Segment Start: DATA EXCERPTS

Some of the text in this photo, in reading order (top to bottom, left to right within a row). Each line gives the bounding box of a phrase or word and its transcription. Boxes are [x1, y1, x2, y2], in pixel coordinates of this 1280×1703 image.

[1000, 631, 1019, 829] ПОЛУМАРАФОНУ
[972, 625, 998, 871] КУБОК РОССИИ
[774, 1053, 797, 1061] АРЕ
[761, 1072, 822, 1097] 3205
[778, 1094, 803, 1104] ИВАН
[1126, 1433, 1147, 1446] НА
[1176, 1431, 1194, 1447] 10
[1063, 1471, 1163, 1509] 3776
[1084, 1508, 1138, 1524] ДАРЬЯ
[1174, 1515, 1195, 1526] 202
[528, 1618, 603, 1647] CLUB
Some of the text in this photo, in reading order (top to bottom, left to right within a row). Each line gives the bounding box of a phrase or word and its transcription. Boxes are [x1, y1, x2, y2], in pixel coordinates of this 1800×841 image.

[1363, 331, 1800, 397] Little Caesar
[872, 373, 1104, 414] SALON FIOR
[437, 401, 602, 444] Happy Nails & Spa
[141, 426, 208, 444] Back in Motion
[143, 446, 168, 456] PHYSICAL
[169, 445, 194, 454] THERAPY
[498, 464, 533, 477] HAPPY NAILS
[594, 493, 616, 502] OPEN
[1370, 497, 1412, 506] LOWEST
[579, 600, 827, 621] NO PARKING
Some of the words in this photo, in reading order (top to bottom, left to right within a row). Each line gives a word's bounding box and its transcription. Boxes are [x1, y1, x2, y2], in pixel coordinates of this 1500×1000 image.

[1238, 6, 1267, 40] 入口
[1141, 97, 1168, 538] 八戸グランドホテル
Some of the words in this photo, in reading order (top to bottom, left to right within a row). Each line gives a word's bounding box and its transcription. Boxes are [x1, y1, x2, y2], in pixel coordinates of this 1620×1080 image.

Segment End: DATA EXCERPTS

** WORK REQUIRED **
Exact copies of all the entries above are to be printed.

** RESULT OF THIS TASK **
Some of the text in this photo, in reading order (top to bottom, left to right within a row). Each line gives the bounding box of a phrase or word and its transcription. Boxes are [x1, y1, x2, y2], in pixel coordinates of this 1280×1703 image.

[1000, 631, 1019, 829] ПОЛУМАРАФОНУ
[972, 625, 998, 871] КУБОК РОССИИ
[774, 1053, 797, 1061] АРЕ
[761, 1072, 822, 1097] 3205
[778, 1094, 803, 1104] ИВАН
[1126, 1433, 1147, 1446] НА
[1176, 1431, 1194, 1447] 10
[1063, 1471, 1163, 1509] 3776
[1084, 1508, 1138, 1524] ДАРЬЯ
[1174, 1515, 1195, 1526] 202
[528, 1618, 603, 1647] CLUB
Some of the text in this photo, in reading order (top to bottom, left to right within a row). Each line gives the bounding box of a phrase or word and its transcription. Boxes are [x1, y1, x2, y2], in pixel coordinates of this 1800×841 image.

[1363, 331, 1800, 397] Little Caesar
[872, 373, 1104, 414] SALON FIOR
[437, 401, 602, 444] Happy Nails & Spa
[141, 426, 208, 444] Back in Motion
[143, 446, 168, 456] PHYSICAL
[169, 445, 194, 454] THERAPY
[498, 464, 533, 477] HAPPY NAILS
[594, 493, 616, 502] OPEN
[1370, 497, 1412, 506] LOWEST
[579, 600, 827, 621] NO PARKING
Some of the words in this photo, in reading order (top to bottom, left to right within a row). Each line gives a word's bounding box and its transcription. Boxes are [x1, y1, x2, y2], in pixel coordinates of this 1500×1000 image.

[1238, 6, 1267, 40] 入口
[1141, 97, 1168, 538] 八戸グランドホテル
Some of the words in this photo, in reading order (top to bottom, left to right within a row). Each line gives a word's bounding box and its transcription. Boxes are [x1, y1, x2, y2], in pixel coordinates of this 1620×1080 image.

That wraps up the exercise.